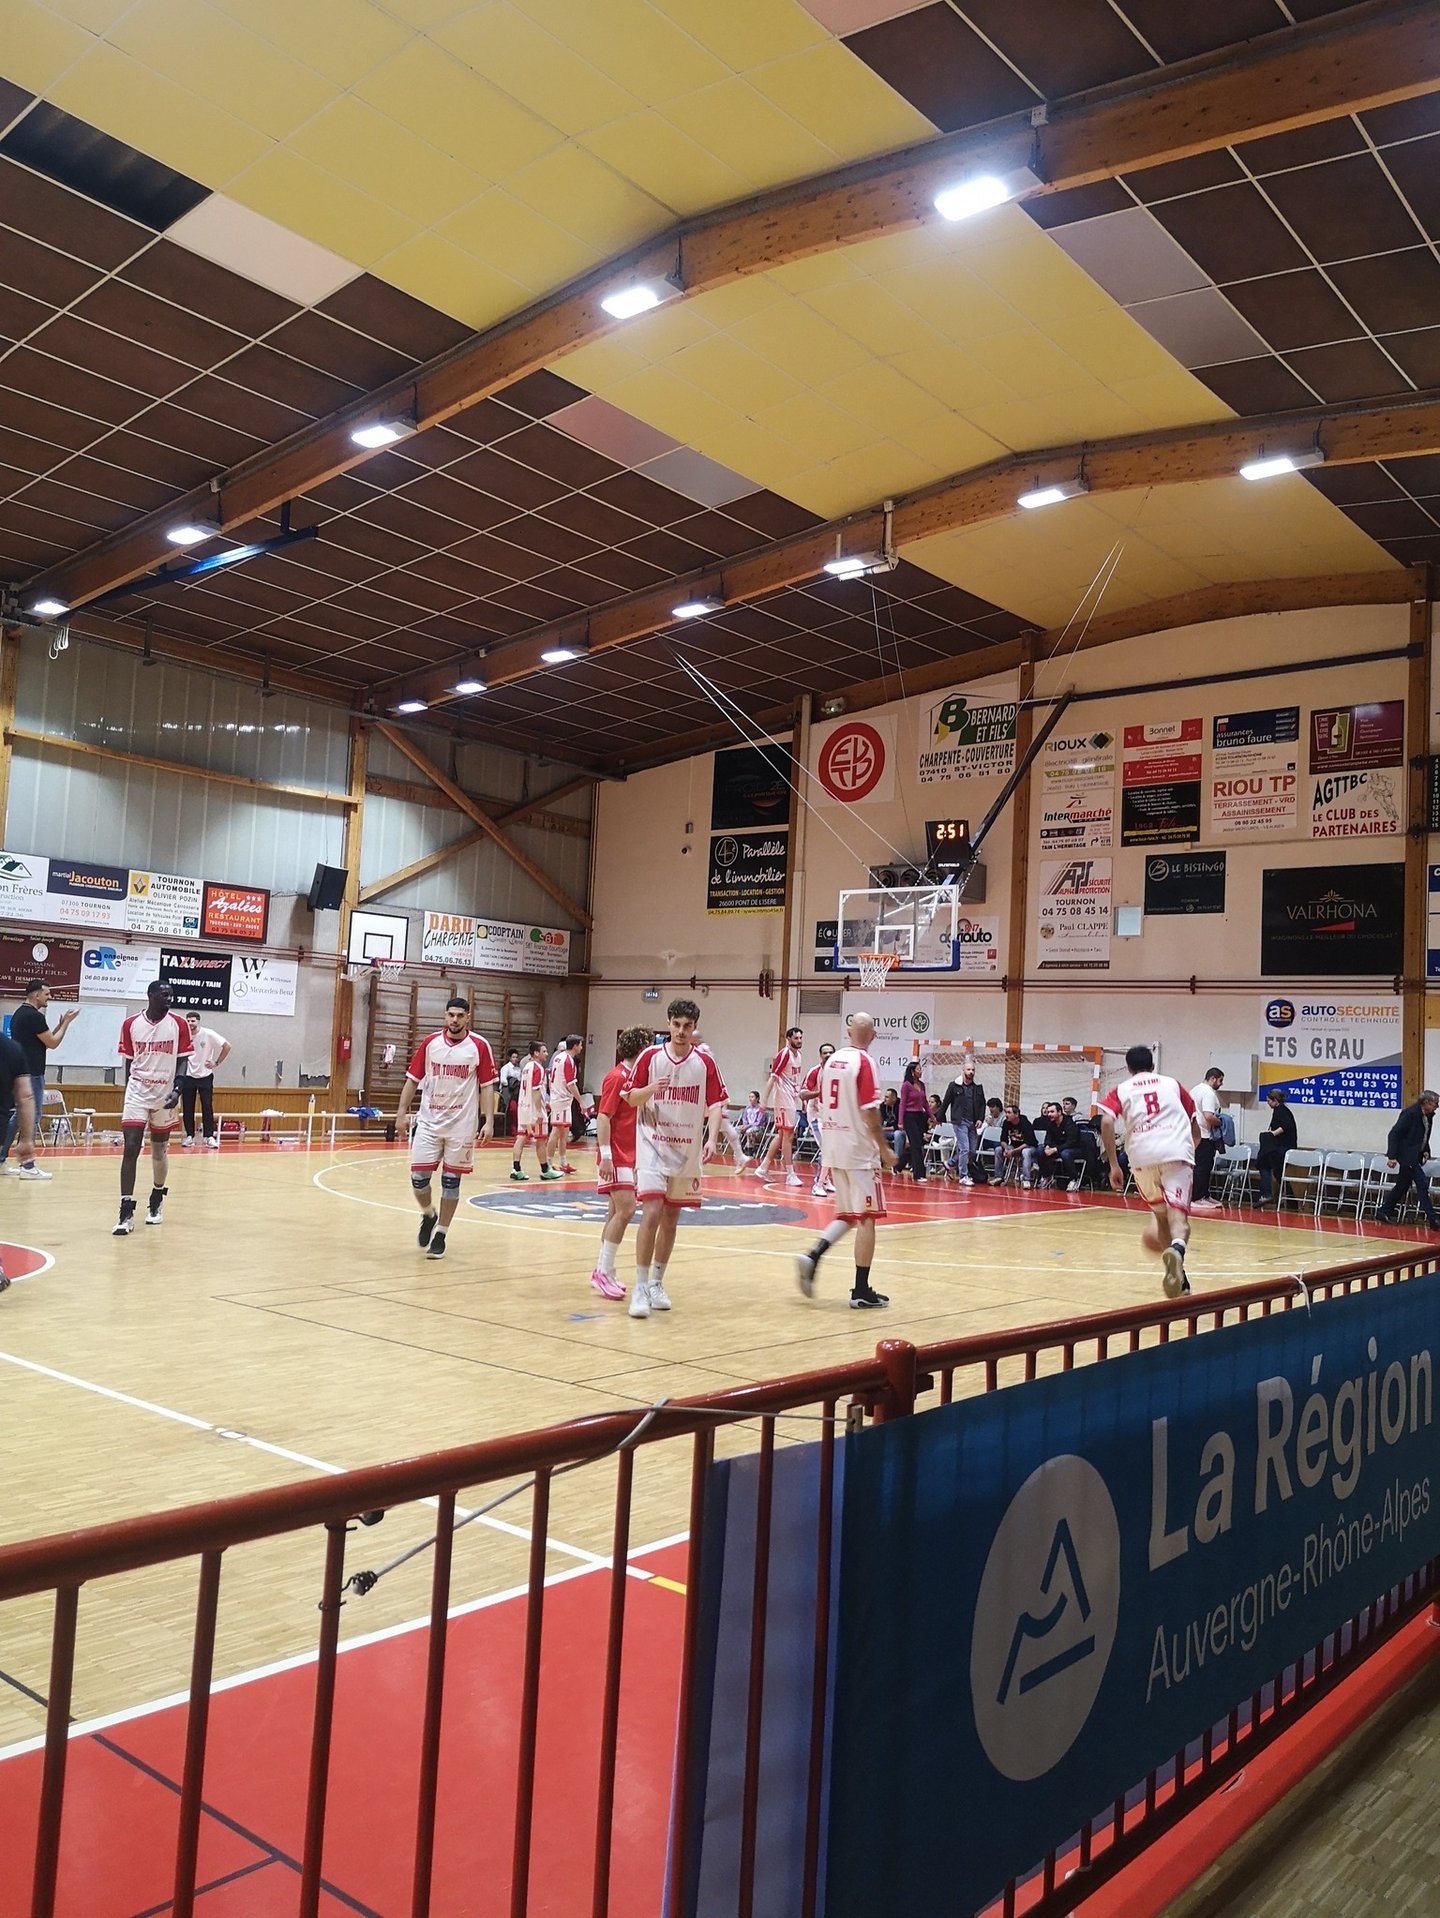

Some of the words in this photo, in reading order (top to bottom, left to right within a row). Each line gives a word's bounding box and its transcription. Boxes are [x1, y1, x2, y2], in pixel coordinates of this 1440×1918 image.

[970, 705, 1016, 726] BERNARD
[976, 726, 987, 743] ET
[989, 723, 1008, 741] FILS
[1149, 725, 1176, 735] Bonnet
[1216, 729, 1254, 738] assurances
[1045, 738, 1087, 752] RIOUX
[1216, 737, 1245, 747] bruno
[1247, 734, 1272, 744] faure
[920, 750, 961, 768] CHARPENTE
[966, 743, 1015, 763] COUVERTURE
[920, 768, 947, 776] 07410
[954, 760, 1013, 772] ST-VICTOR
[1214, 778, 1263, 797] RIOU
[1269, 775, 1296, 792] TP
[1313, 773, 1368, 811] AGTTBC
[1214, 799, 1273, 809] TERRASSEMENT
[1279, 796, 1296, 804] VRD
[1044, 808, 1112, 823] Intermarché
[1222, 806, 1286, 817] ASSAINISSEMENT
[1313, 813, 1322, 822] LE
[1326, 808, 1356, 821] CLUB
[1360, 809, 1379, 819] DES
[937, 824, 964, 840] 2:51
[1313, 821, 1397, 837] PARTENAIRES
[743, 841, 786, 859] Parallèle
[52, 871, 71, 879] martial
[69, 871, 119, 887] Jacouton
[158, 876, 195, 887] TOURNON
[711, 869, 722, 885] de
[725, 866, 786, 884] l'immobilier
[151, 883, 200, 895] AUTOMOBILE
[1089, 878, 1111, 887] SÉCURITÉ
[12, 883, 43, 896] Frères
[211, 889, 240, 900] HÔTEL
[153, 892, 177, 901] OLIVIER
[180, 895, 198, 903] POZIN
[1056, 898, 1096, 906] TOURNON
[81, 901, 111, 910] TOURNON
[209, 896, 262, 914] Azalées
[1042, 908, 1053, 916] 04
[1056, 907, 1067, 916] 75
[1070, 907, 1081, 916] 08
[1085, 907, 1096, 915] 45
[1099, 906, 1109, 914] 14
[1287, 903, 1378, 920] VALRHONA
[208, 912, 261, 924] RESTAURANT
[173, 927, 181, 935] 61
[185, 928, 194, 936] 61
[488, 926, 524, 939] COOPTAIN
[1059, 923, 1075, 931] Paul
[1077, 923, 1108, 931] CLAPPE
[424, 929, 475, 949] CHARPENTE
[104, 954, 139, 962] enseignes
[161, 954, 195, 969] TAXI
[193, 959, 231, 969] DIRECT
[425, 954, 471, 965] 04.75.06.76.13
[240, 957, 268, 980] W
[168, 978, 201, 987] TOURNON
[202, 997, 211, 1005] 01
[214, 998, 223, 1006] 01
[1269, 1005, 1292, 1019] as
[883, 1015, 908, 1028] vert
[1265, 1036, 1297, 1058] ETS
[1311, 1037, 1365, 1060] GRAU
[880, 1056, 891, 1066] 64
[898, 1057, 908, 1067] 12
[443, 1064, 469, 1079] TOURNON
[1340, 1071, 1398, 1080] TOURNON
[1384, 1081, 1397, 1089] 79
[668, 1085, 700, 1105] TOURNON
[829, 1079, 840, 1110] 9
[1289, 1088, 1314, 1096] TAIN
[1320, 1089, 1397, 1099] L'HERMITAGE
[1144, 1091, 1160, 1115] 8
[866, 1196, 872, 1207] 9
[1149, 1416, 1235, 1572] La
[1254, 1336, 1432, 1514] Région
[1145, 1476, 1431, 1704] Auvergne-Rhône-Alpes
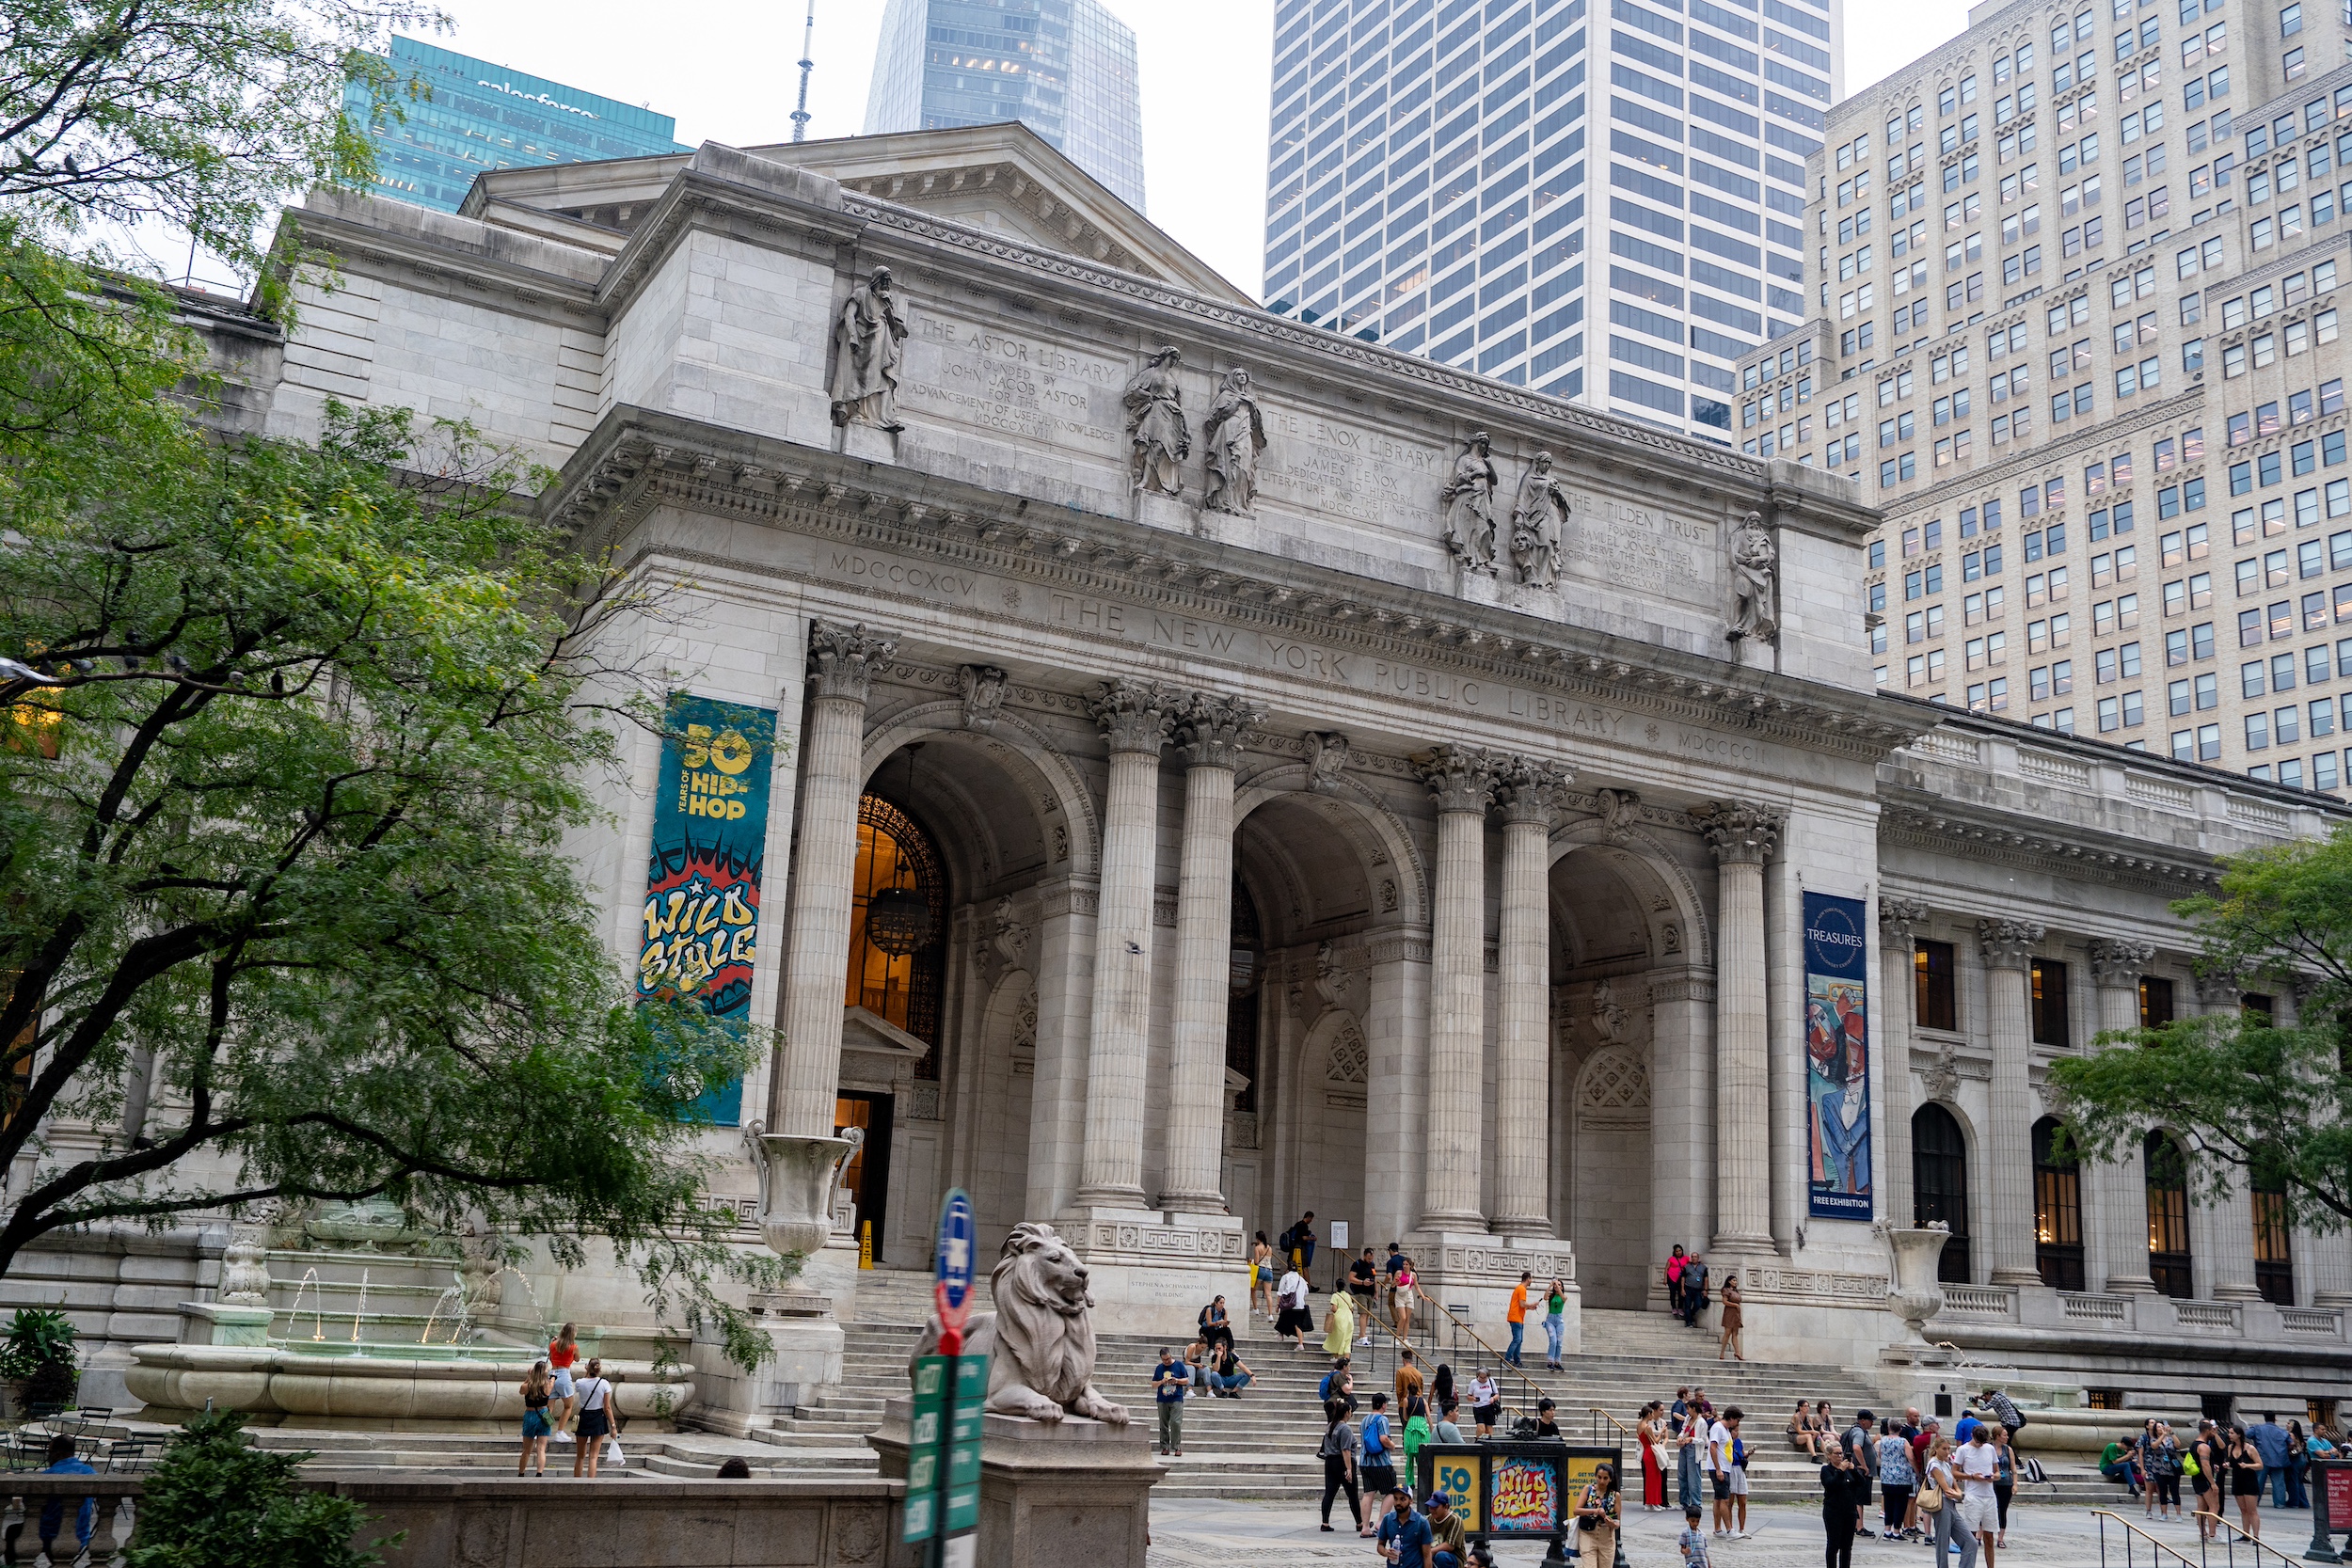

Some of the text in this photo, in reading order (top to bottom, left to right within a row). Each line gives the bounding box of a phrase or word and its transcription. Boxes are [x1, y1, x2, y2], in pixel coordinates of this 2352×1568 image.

[920, 317, 1115, 384] THE ASTOR LIBRARY
[943, 363, 1088, 409] JOHN JACOB ASTOR
[977, 357, 1057, 387] FOUNDED BY
[910, 384, 1116, 443] ADVANCEMENT OF USEFUL KNOWLEDGE
[988, 388, 1040, 410] FOR THE
[1267, 411, 1435, 469] THE LENOX LIBRARY
[1303, 456, 1398, 490] JAMES LENOX
[1317, 447, 1386, 472] FOUNDED BY
[1287, 465, 1343, 487] DEDICATED
[1349, 481, 1362, 492] TO
[1262, 471, 1434, 523] LITERATURE AND THE FINE ARTS
[1320, 499, 1379, 521] MDCCCLXX
[1565, 491, 1708, 543] THE TILDEN TRUST
[1608, 524, 1666, 546] FOUNDED BY
[1573, 538, 1699, 578] TO SERVE THE INTERESTS OF
[1580, 528, 1694, 566] SAMUEL JONES TILDEN
[1562, 548, 1709, 593] SCIENCE AND POPULAR EDUCATION
[831, 551, 1766, 765] MDCCCXCV THE NEW YORK PUBLIC LIBRARY MDCCCCII
[683, 723, 753, 775] 50
[678, 769, 690, 813] YEARS OF
[691, 771, 748, 797] HIP-
[689, 794, 746, 820] HOP
[1807, 928, 1862, 947] TREASURES
[1813, 1196, 1868, 1208] FREE EXHIBITION
[1440, 1466, 1471, 1493] 50

────────────────

Work to complete ▸ Every line above that includes the word "Each" must appear in the answer.

Task solution ▸
Some of the words in this photo, in reading order (top to bottom, left to right within a row). Each line gives a word's bounding box and its transcription. Boxes are [x1, y1, x2, y2], in pixel coordinates of this 1440×1918 image.
Some of the text in this photo, in reading order (top to bottom, left to right within a row). Each line gives the bounding box of a phrase or word and its transcription. Boxes are [x1, y1, x2, y2], in pixel coordinates of this 2352×1568 image.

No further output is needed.